After the last curtain call, Leone touched her husband's arm. She felt violently ill-yet she smiled, trying to keep panic from her eyes.

"I want to say a few words to Marianne," she said with effort "Let's go to her dressing room."

She saw him start to protest.

"Leone, you look ill! I'm going to take you home!"

"Marianne is my dearest friend," Leone reminded him, and she started to follow the others who were less interested in missing streetcars and busses than in catching one glimpse of a woman who received at least a thousand dollars a performance for her singing.

But there were so many people ahead of them and behind. Pushing, shoving people in whom no human love was visible. Elbows that dug into the tender parts of your body-cheap perfumes that mingled unfavorably with their owner's heavy perspiration. Leone tried to move along with them. She must reach Marianne!

"I don't care who she is!" Paul grumbled, "let's get out of here."
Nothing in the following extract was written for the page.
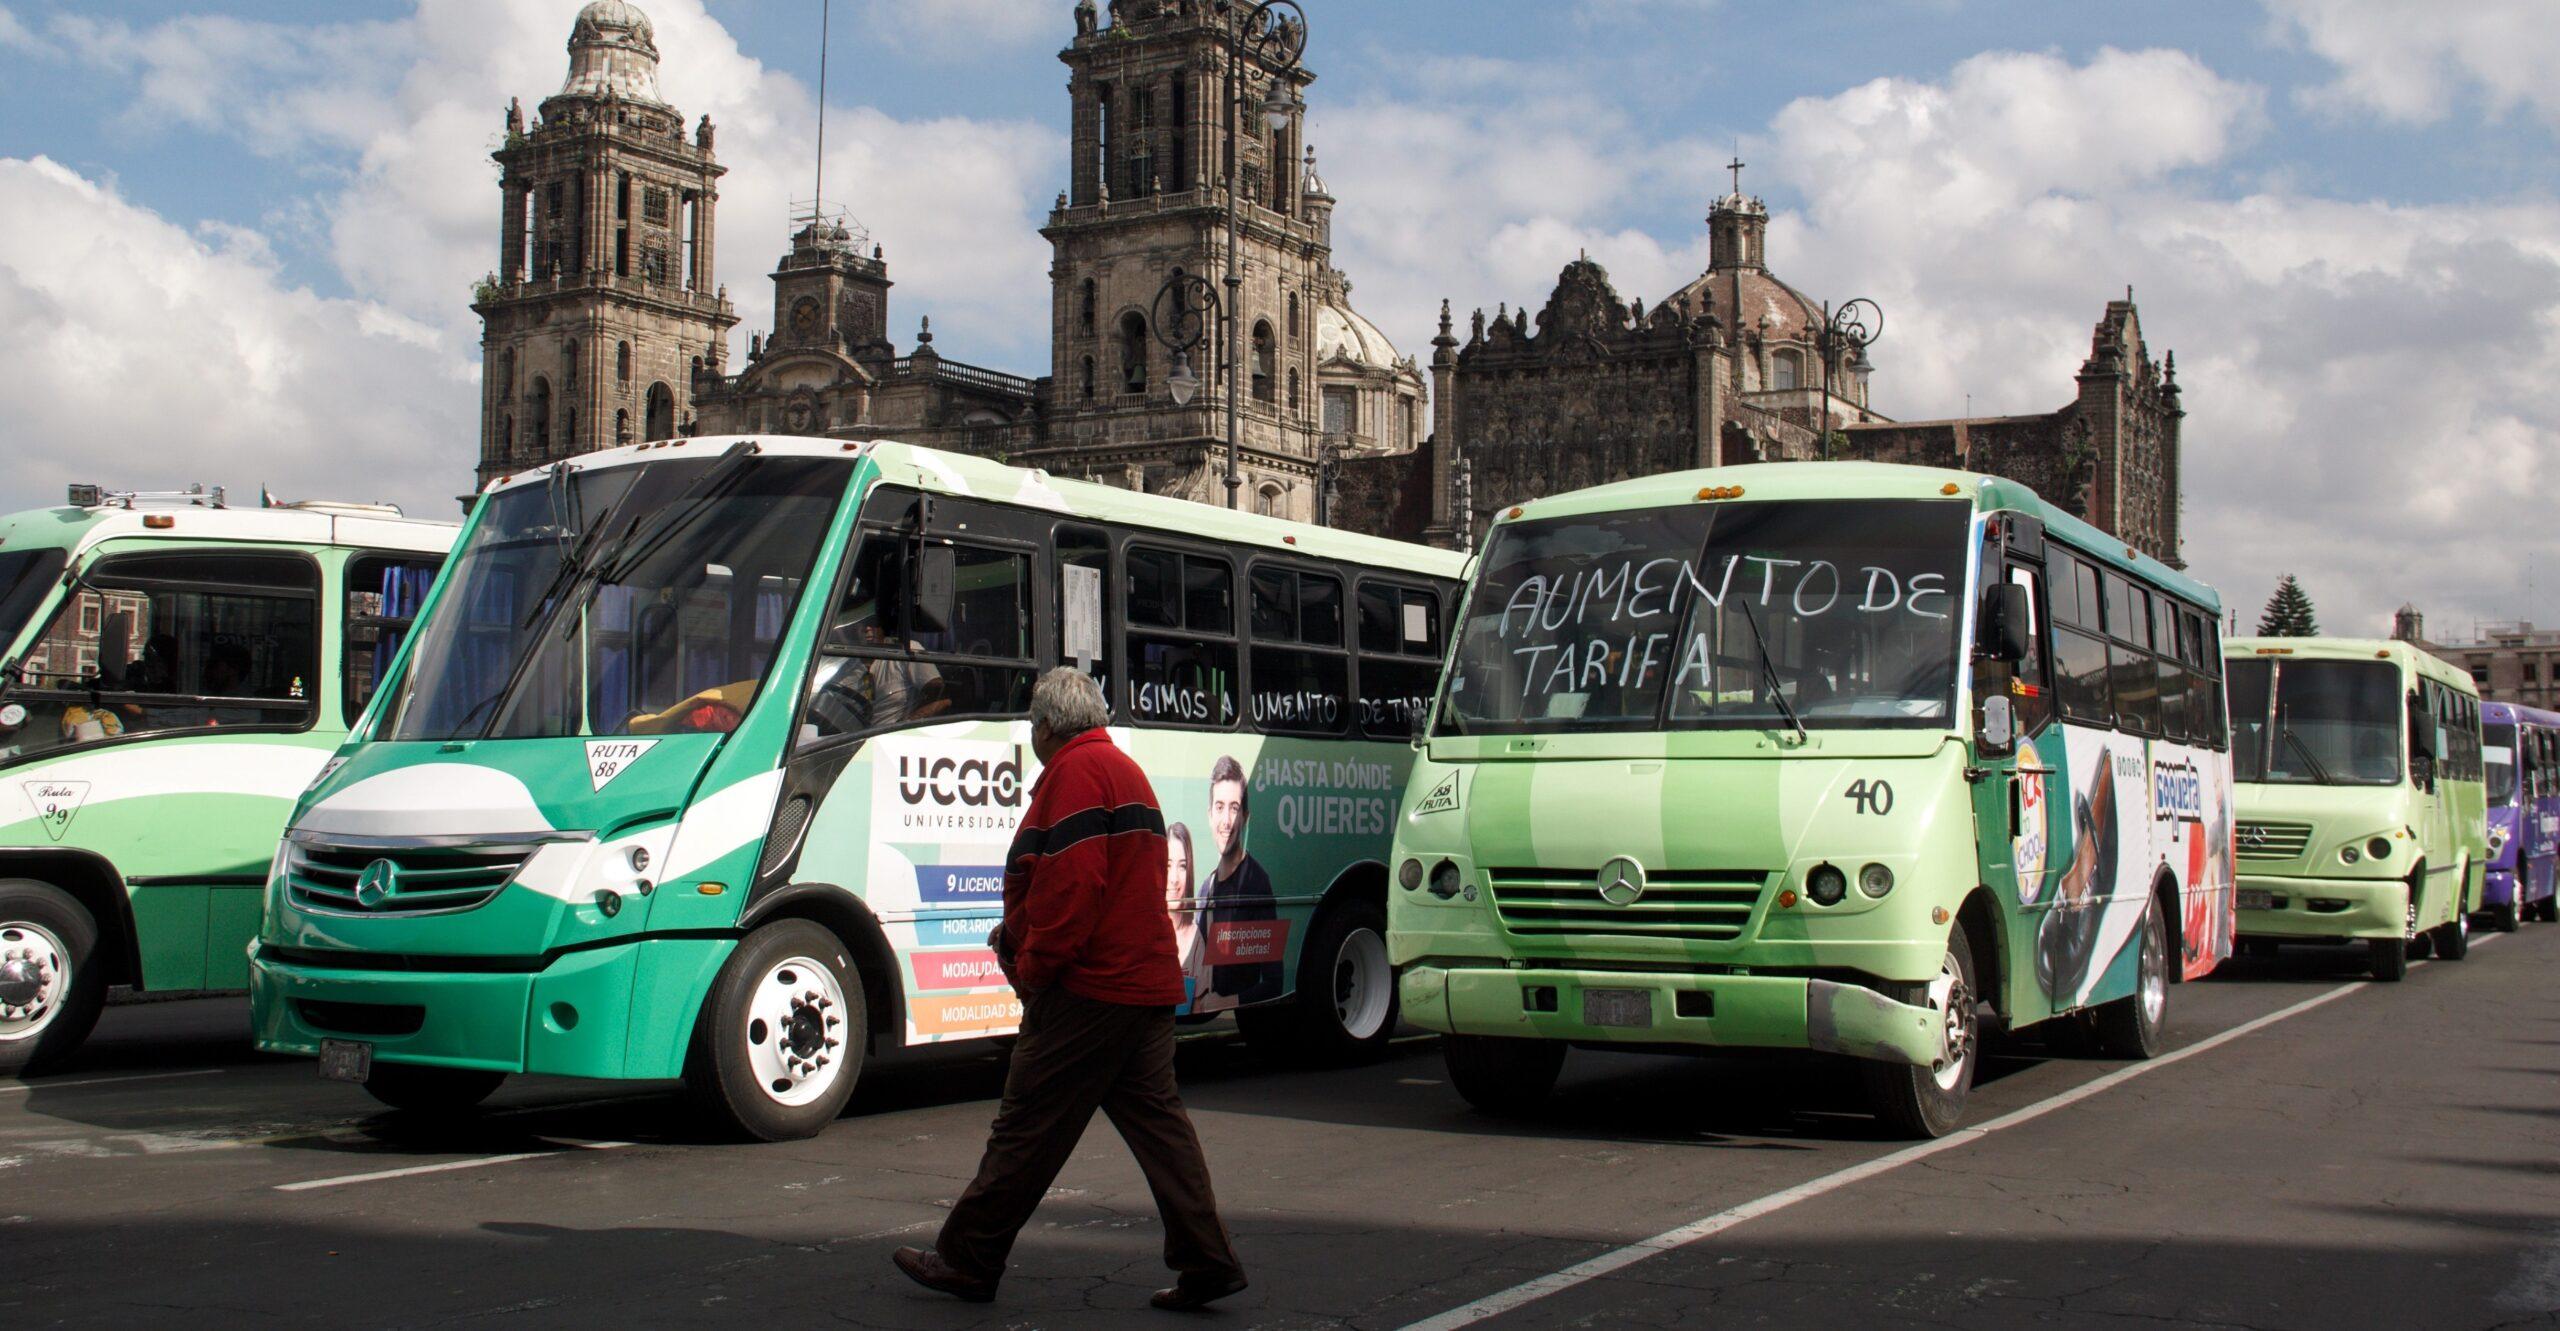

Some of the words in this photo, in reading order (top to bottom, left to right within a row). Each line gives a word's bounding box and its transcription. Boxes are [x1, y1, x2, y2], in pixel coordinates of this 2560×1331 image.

They were the last words Leone heard him say before she screamedunable to suppress this pain any longer, and all the people were swallowed up by the blackness.

When Leone saw people around her again they weren't the same nor were there half so many of them.

"You have a little girl!" the nurse said hesitantly, as if she wondered whether an apology were necessary.

Leone smiled. It had to be a girl. For her, it had to be a girl! She went back to sleep, content.

When she opened her eyes again there was Paul standing by her pillow and saying over and over.

"Are you all right, Leone?"

"It isn't a son," she said-feeling a little sorry for him. "I want to name her Marianne!"

"You have another visitor today," the small red haired nurse announced importantly, adjusting her bi-focals.

And then Leone looked beyond Paul-beyond everyone else in the room. She saw what she had wanted to see-the "vision of Marguerite"-the quick smile of Marianne, and she felt as Faust had felt, that even if the devil demanded her soul, she must tell Marianne "I love you!" and that she was no longer afraid or ashamed of her love.